7 UNDISPUTED BENEFITS OF CUCUMBER

 

Cucumbers are popular long, lean, and green garden vegetables. Technically, they’re fruits from the same family as watermelons and pumpkins (Cucurbitaceae family), but most people consider them veggies.

Rich in water, antioxidants, fiber, and vitamins, cucumbers are a great on-the-go snack and provide a number of significant health benefits. Cucumbers have a mild and  refreshing taste.. They can help relieve dehydration and are pleasant to eat in hot weather. People eat cucumber as a savory food, but it is a fruit. It also features in some beauty products.

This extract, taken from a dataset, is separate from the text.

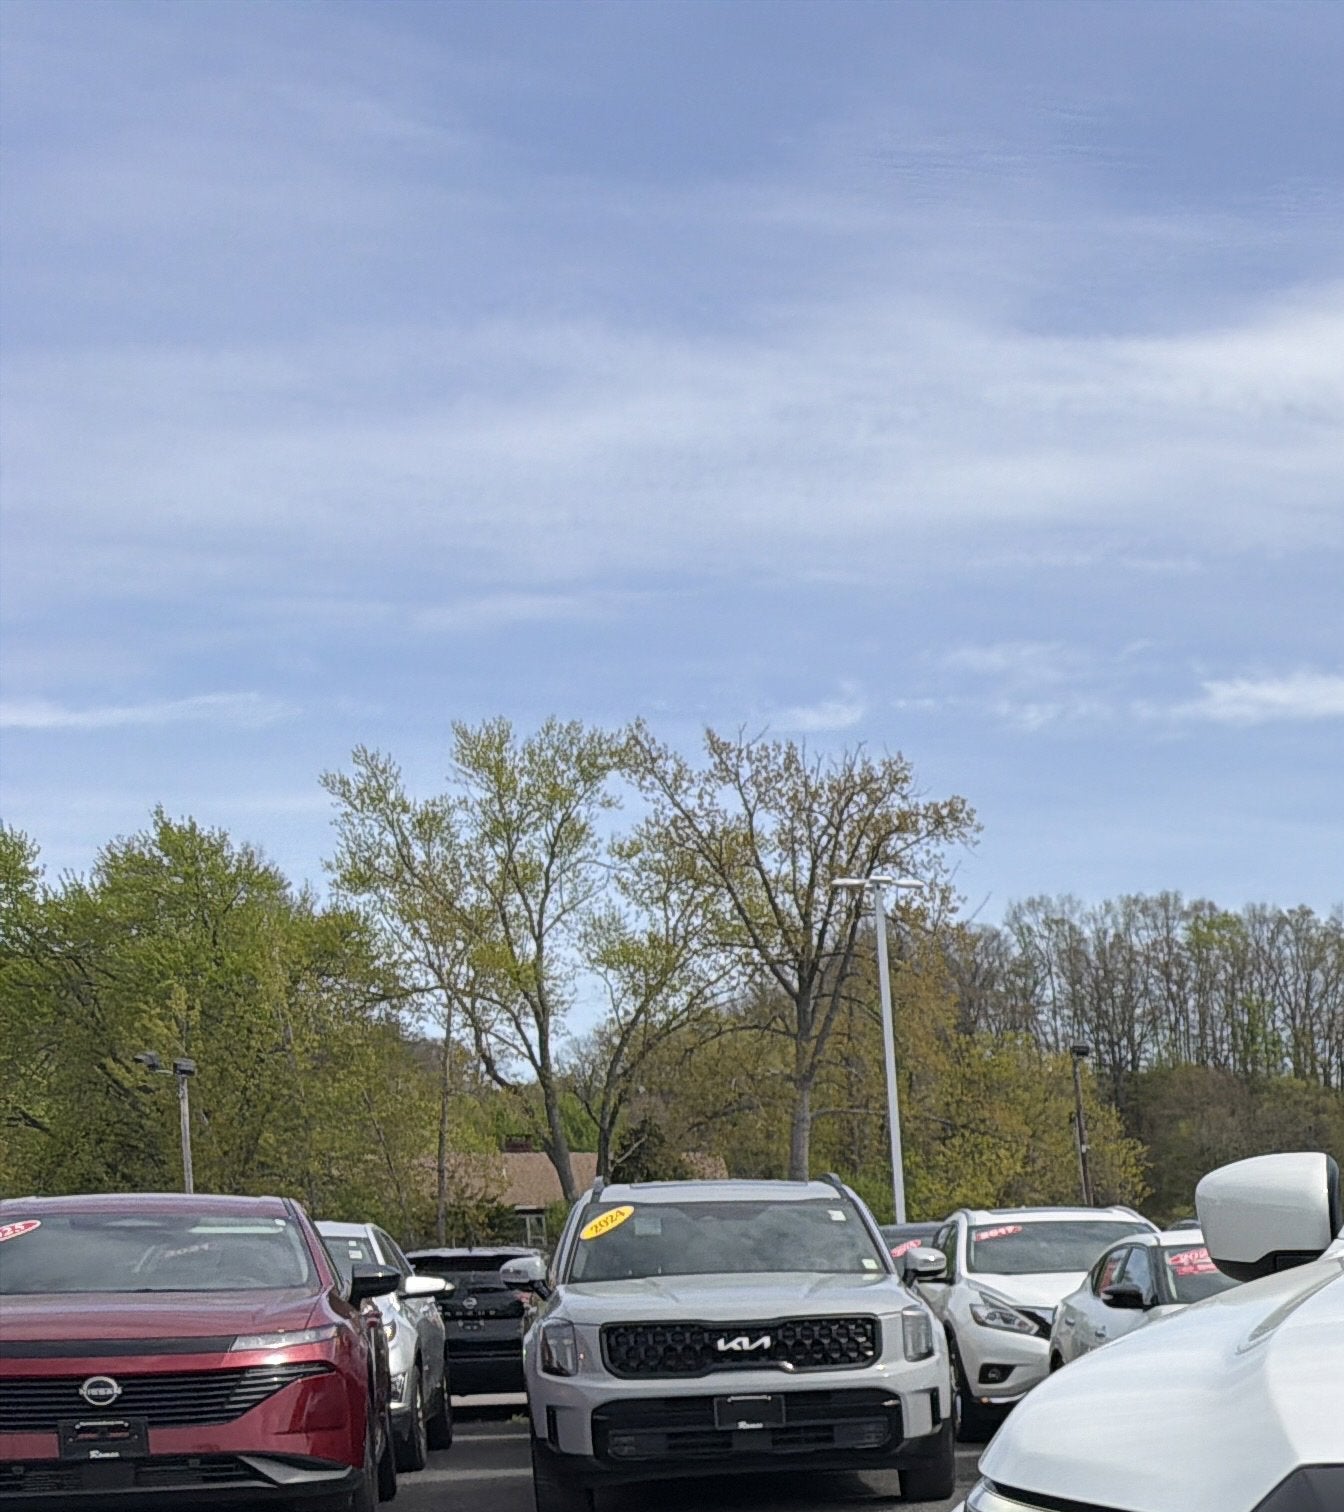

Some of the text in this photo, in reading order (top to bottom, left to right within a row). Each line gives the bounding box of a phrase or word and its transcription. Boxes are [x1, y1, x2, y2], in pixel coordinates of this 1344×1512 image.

[590, 1210, 625, 1234] 2024
[0, 1225, 25, 1238] 25
[717, 1336, 771, 1351] KIA
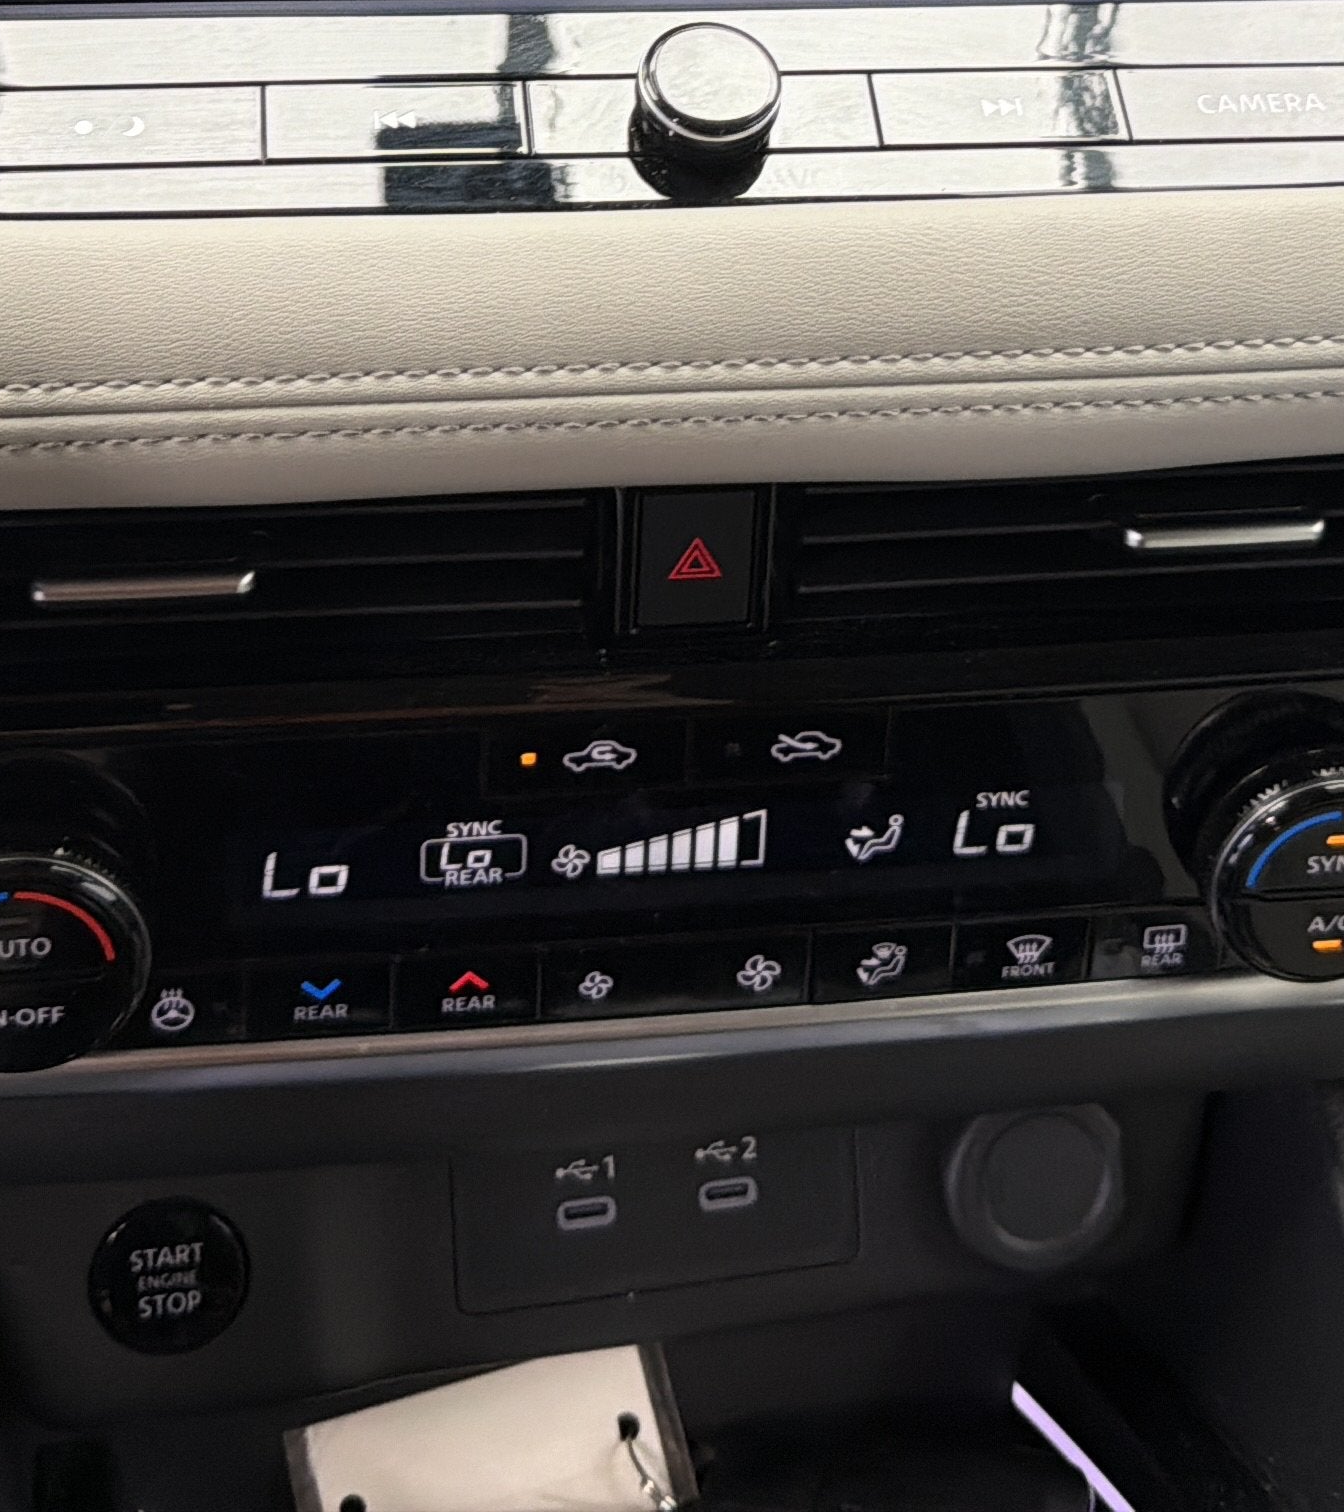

One raw, unpeeled cucumber (about 8.25 inches, 310 grams) gives you the following:

  • Water: 287 grams
  • Calories: 45.2 kcal
  • Fiber: 1.5 grams
  • Protein: 1.96 grams
  • Cholesterol: None
  • Potassium: 442 mg
  • Calcium: 48.2 mg
  • Vitamin C: 8.43 mg

Cucumbers also contain some folate, B vitamins,  vitamin A, fluoride, selenium, zinc, copper, and several other phytonutrients (including antioxidants such as flavonoids and tannins).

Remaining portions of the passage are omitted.